**The problem**
The response must contain all of the entries, each one repeated exactly.

(Phrase grounding data)
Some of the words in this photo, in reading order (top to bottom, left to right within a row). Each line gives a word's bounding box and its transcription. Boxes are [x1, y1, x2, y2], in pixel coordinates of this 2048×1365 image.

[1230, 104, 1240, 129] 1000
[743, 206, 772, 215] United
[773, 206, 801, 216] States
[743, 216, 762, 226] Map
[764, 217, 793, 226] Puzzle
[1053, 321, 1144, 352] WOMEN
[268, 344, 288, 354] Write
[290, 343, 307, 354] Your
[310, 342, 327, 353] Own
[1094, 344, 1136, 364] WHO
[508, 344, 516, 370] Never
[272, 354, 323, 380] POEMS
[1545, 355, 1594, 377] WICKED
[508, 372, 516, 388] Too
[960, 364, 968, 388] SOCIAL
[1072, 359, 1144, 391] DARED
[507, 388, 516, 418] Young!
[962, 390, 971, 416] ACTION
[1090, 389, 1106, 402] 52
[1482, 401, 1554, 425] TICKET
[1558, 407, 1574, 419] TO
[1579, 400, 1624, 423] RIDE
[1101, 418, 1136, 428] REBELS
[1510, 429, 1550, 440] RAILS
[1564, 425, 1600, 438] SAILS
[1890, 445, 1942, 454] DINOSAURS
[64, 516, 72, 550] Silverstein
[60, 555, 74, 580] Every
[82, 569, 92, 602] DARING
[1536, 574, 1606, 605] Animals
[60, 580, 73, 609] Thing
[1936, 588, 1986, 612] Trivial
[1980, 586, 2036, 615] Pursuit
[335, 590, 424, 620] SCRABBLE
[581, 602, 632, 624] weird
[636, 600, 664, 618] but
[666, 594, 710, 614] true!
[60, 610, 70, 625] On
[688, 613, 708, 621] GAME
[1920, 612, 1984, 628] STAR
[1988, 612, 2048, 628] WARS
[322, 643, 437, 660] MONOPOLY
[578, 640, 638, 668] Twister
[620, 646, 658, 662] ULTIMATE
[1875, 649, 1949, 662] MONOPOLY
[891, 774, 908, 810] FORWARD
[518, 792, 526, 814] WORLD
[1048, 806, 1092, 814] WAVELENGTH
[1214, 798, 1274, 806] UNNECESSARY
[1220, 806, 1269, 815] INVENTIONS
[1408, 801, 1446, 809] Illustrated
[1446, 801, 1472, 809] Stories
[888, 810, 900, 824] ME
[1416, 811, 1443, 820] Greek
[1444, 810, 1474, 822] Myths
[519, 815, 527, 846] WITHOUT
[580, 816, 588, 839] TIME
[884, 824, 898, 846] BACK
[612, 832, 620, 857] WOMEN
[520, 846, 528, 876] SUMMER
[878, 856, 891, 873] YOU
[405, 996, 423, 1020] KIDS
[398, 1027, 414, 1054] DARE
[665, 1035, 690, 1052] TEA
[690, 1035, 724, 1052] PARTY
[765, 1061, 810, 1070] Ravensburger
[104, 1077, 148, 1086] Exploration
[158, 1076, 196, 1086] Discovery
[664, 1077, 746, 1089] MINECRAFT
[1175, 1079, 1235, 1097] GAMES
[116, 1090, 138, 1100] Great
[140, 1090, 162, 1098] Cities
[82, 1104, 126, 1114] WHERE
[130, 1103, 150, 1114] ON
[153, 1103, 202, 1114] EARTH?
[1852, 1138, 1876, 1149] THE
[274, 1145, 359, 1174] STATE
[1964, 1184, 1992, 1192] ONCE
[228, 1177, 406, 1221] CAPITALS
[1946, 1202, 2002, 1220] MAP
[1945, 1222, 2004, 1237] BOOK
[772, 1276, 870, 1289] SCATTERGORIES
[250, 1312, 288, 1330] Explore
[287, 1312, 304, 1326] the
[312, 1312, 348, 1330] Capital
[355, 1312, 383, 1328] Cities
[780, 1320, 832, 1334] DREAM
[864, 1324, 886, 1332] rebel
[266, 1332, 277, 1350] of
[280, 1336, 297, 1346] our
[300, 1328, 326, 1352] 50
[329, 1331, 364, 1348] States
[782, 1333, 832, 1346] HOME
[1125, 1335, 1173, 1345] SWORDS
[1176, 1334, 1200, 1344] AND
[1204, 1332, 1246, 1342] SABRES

**Response**
Some of the words in this photo, in reading order (top to bottom, left to right within a row). Each line gives a word's bounding box and its transcription. Boxes are [x1, y1, x2, y2], in pixel coordinates of this 2048×1365 image.

[1230, 104, 1240, 129] 1000
[743, 206, 772, 215] United
[773, 206, 801, 216] States
[743, 216, 762, 226] Map
[764, 217, 793, 226] Puzzle
[1053, 321, 1144, 352] WOMEN
[268, 344, 288, 354] Write
[290, 343, 307, 354] Your
[310, 342, 327, 353] Own
[1094, 344, 1136, 364] WHO
[508, 344, 516, 370] Never
[272, 354, 323, 380] POEMS
[1545, 355, 1594, 377] WICKED
[508, 372, 516, 388] Too
[960, 364, 968, 388] SOCIAL
[1072, 359, 1144, 391] DARED
[507, 388, 516, 418] Young!
[962, 390, 971, 416] ACTION
[1090, 389, 1106, 402] 52
[1482, 401, 1554, 425] TICKET
[1558, 407, 1574, 419] TO
[1579, 400, 1624, 423] RIDE
[1101, 418, 1136, 428] REBELS
[1510, 429, 1550, 440] RAILS
[1564, 425, 1600, 438] SAILS
[1890, 445, 1942, 454] DINOSAURS
[64, 516, 72, 550] Silverstein
[60, 555, 74, 580] Every
[82, 569, 92, 602] DARING
[1536, 574, 1606, 605] Animals
[60, 580, 73, 609] Thing
[1936, 588, 1986, 612] Trivial
[1980, 586, 2036, 615] Pursuit
[335, 590, 424, 620] SCRABBLE
[581, 602, 632, 624] weird
[636, 600, 664, 618] but
[666, 594, 710, 614] true!
[60, 610, 70, 625] On
[688, 613, 708, 621] GAME
[1920, 612, 1984, 628] STAR
[1988, 612, 2048, 628] WARS
[322, 643, 437, 660] MONOPOLY
[578, 640, 638, 668] Twister
[620, 646, 658, 662] ULTIMATE
[1875, 649, 1949, 662] MONOPOLY
[891, 774, 908, 810] FORWARD
[518, 792, 526, 814] WORLD
[1048, 806, 1092, 814] WAVELENGTH
[1214, 798, 1274, 806] UNNECESSARY
[1220, 806, 1269, 815] INVENTIONS
[1408, 801, 1446, 809] Illustrated
[1446, 801, 1472, 809] Stories
[888, 810, 900, 824] ME
[1416, 811, 1443, 820] Greek
[1444, 810, 1474, 822] Myths
[519, 815, 527, 846] WITHOUT
[580, 816, 588, 839] TIME
[884, 824, 898, 846] BACK
[612, 832, 620, 857] WOMEN
[520, 846, 528, 876] SUMMER
[878, 856, 891, 873] YOU
[405, 996, 423, 1020] KIDS
[398, 1027, 414, 1054] DARE
[665, 1035, 690, 1052] TEA
[690, 1035, 724, 1052] PARTY
[765, 1061, 810, 1070] Ravensburger
[104, 1077, 148, 1086] Exploration
[158, 1076, 196, 1086] Discovery
[664, 1077, 746, 1089] MINECRAFT
[1175, 1079, 1235, 1097] GAMES
[116, 1090, 138, 1100] Great
[140, 1090, 162, 1098] Cities
[82, 1104, 126, 1114] WHERE
[130, 1103, 150, 1114] ON
[153, 1103, 202, 1114] EARTH?
[1852, 1138, 1876, 1149] THE
[274, 1145, 359, 1174] STATE
[1964, 1184, 1992, 1192] ONCE
[228, 1177, 406, 1221] CAPITALS
[1946, 1202, 2002, 1220] MAP
[1945, 1222, 2004, 1237] BOOK
[772, 1276, 870, 1289] SCATTERGORIES
[250, 1312, 288, 1330] Explore
[287, 1312, 304, 1326] the
[312, 1312, 348, 1330] Capital
[355, 1312, 383, 1328] Cities
[780, 1320, 832, 1334] DREAM
[864, 1324, 886, 1332] rebel
[266, 1332, 277, 1350] of
[280, 1336, 297, 1346] our
[300, 1328, 326, 1352] 50
[329, 1331, 364, 1348] States
[782, 1333, 832, 1346] HOME
[1125, 1335, 1173, 1345] SWORDS
[1176, 1334, 1200, 1344] AND
[1204, 1332, 1246, 1342] SABRES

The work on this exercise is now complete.